Data extracted from a collection:
════════════════

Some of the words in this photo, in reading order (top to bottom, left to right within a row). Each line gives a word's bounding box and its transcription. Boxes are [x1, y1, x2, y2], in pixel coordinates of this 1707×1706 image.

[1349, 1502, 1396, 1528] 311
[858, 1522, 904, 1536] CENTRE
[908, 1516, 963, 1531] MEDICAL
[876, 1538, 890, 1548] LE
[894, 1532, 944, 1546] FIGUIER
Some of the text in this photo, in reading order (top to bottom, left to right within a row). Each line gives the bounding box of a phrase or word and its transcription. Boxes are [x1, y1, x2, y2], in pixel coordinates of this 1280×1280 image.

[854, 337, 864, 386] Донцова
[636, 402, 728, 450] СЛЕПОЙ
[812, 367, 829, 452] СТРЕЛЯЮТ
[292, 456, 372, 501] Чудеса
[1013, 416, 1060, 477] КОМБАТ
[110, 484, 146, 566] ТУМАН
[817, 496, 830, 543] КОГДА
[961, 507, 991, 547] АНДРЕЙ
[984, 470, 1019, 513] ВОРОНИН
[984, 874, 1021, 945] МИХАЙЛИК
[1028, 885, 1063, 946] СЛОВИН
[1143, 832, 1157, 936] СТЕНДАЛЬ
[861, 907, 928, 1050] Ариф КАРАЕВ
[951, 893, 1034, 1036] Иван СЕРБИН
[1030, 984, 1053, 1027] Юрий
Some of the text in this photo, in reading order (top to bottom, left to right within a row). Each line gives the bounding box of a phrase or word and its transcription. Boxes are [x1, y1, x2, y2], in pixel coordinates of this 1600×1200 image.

════════════════

= WORK REQUEST =
Would you be able to transcribe every line of the data exactly?

= ANSWER FOR THIS EXERCISE =
Some of the words in this photo, in reading order (top to bottom, left to right within a row). Each line gives a word's bounding box and its transcription. Boxes are [x1, y1, x2, y2], in pixel coordinates of this 1707×1706 image.

[1349, 1502, 1396, 1528] 311
[858, 1522, 904, 1536] CENTRE
[908, 1516, 963, 1531] MEDICAL
[876, 1538, 890, 1548] LE
[894, 1532, 944, 1546] FIGUIER
Some of the text in this photo, in reading order (top to bottom, left to right within a row). Each line gives the bounding box of a phrase or word and its transcription. Boxes are [x1, y1, x2, y2], in pixel coordinates of this 1280×1280 image.

[854, 337, 864, 386] Донцова
[636, 402, 728, 450] СЛЕПОЙ
[812, 367, 829, 452] СТРЕЛЯЮТ
[292, 456, 372, 501] Чудеса
[1013, 416, 1060, 477] КОМБАТ
[110, 484, 146, 566] ТУМАН
[817, 496, 830, 543] КОГДА
[961, 507, 991, 547] АНДРЕЙ
[984, 470, 1019, 513] ВОРОНИН
[984, 874, 1021, 945] МИХАЙЛИК
[1028, 885, 1063, 946] СЛОВИН
[1143, 832, 1157, 936] СТЕНДАЛЬ
[861, 907, 928, 1050] Ариф КАРАЕВ
[951, 893, 1034, 1036] Иван СЕРБИН
[1030, 984, 1053, 1027] Юрий
Some of the text in this photo, in reading order (top to bottom, left to right within a row). Each line gives the bounding box of a phrase or word and its transcription. Boxes are [x1, y1, x2, y2], in pixel coordinates of this 1600×1200 image.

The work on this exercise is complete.